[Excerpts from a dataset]
[Start of section]

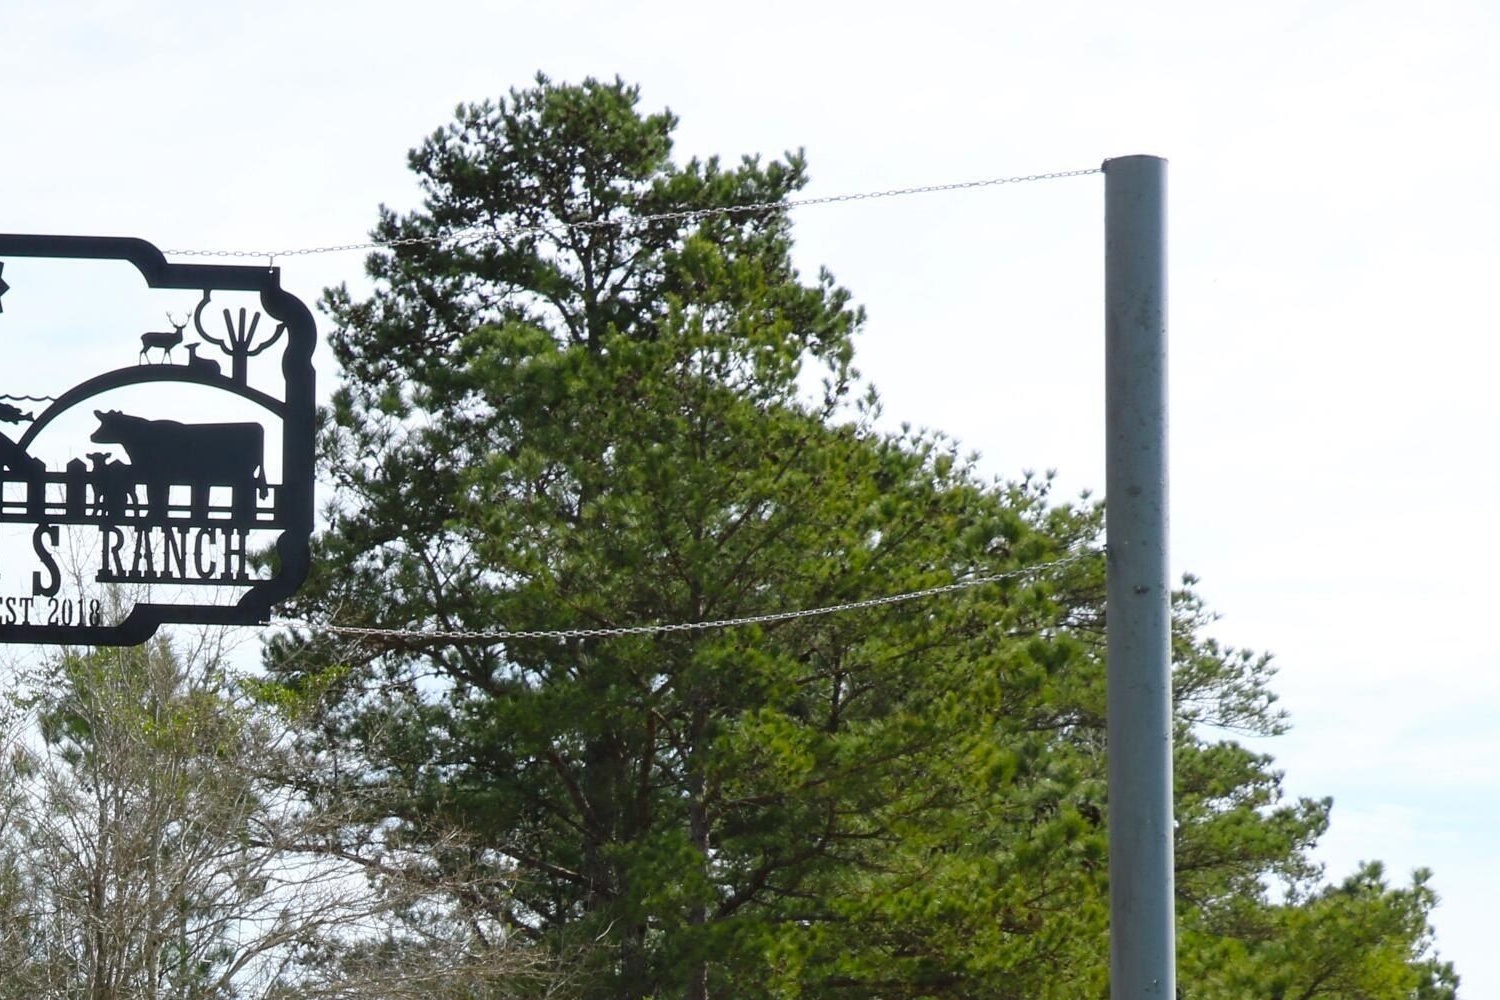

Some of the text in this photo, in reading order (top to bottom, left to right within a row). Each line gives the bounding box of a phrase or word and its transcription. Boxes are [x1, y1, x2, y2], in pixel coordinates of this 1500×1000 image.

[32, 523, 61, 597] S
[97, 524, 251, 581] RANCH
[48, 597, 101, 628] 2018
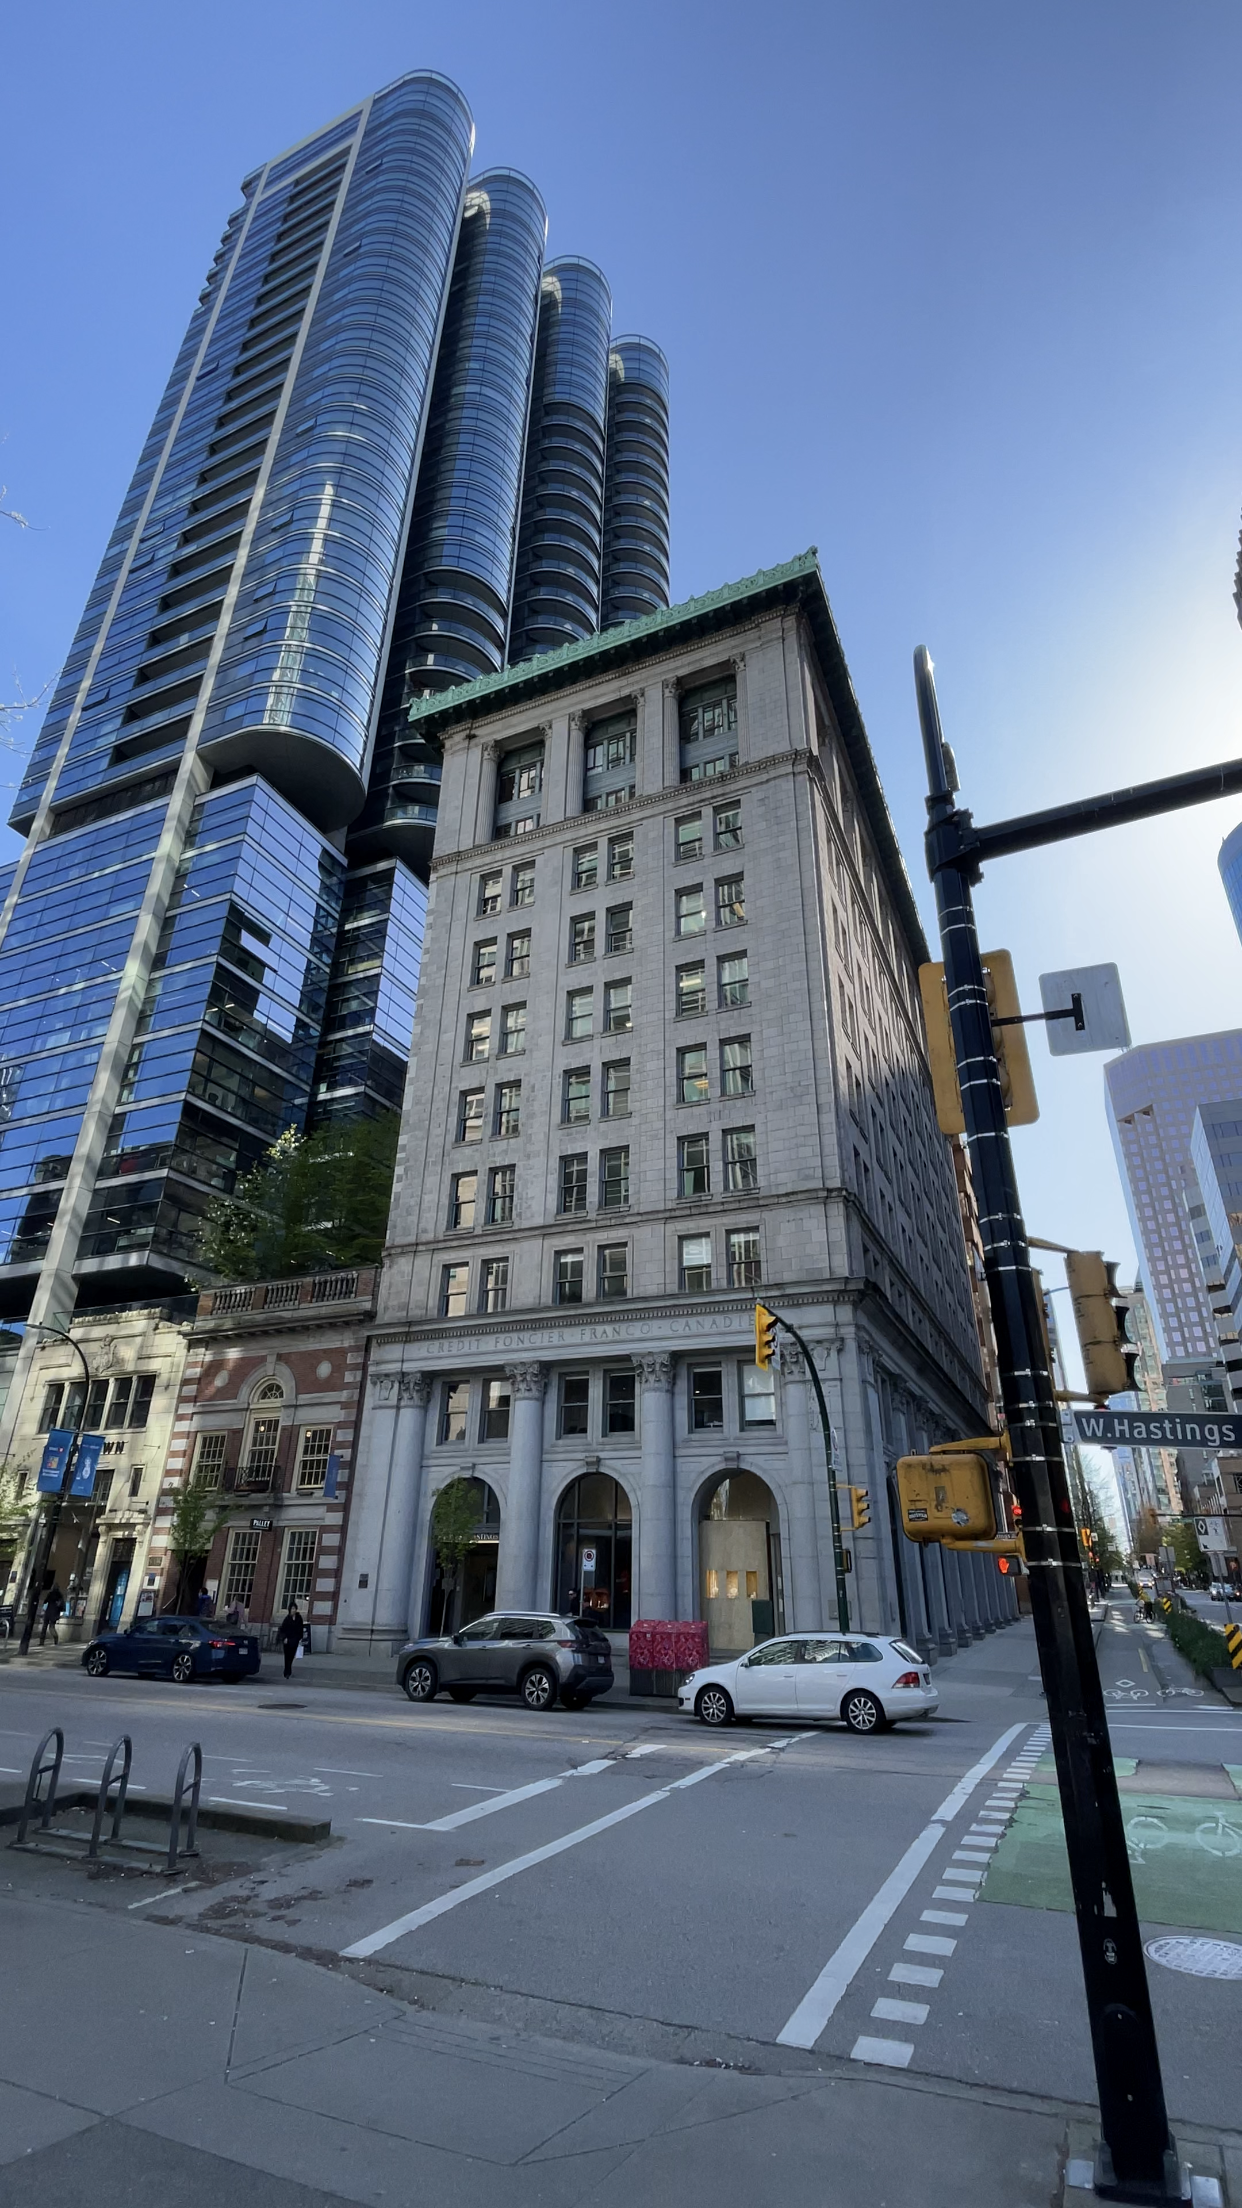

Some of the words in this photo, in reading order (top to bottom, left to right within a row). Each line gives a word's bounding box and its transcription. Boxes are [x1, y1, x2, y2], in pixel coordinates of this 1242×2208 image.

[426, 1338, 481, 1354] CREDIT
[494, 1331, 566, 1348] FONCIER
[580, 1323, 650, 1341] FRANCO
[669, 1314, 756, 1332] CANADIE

[End of section]

Exercise:
Go through the records and repeat each one exactly, skipping anything that is a picture.

Finished task:
Some of the text in this photo, in reading order (top to bottom, left to right within a row). Each line gives the bounding box of a phrase or word and its transcription. Boxes are [x1, y1, x2, y2], in pixel coordinates of this 1500×1000 image.

[32, 523, 61, 597] S
[97, 524, 251, 581] RANCH
[48, 597, 101, 628] 2018

Some of the words in this photo, in reading order (top to bottom, left to right within a row). Each line gives a word's bounding box and its transcription. Boxes are [x1, y1, x2, y2], in pixel coordinates of this 1242×2208 image.

[426, 1338, 481, 1354] CREDIT
[494, 1331, 566, 1348] FONCIER
[580, 1323, 650, 1341] FRANCO
[669, 1314, 756, 1332] CANADIE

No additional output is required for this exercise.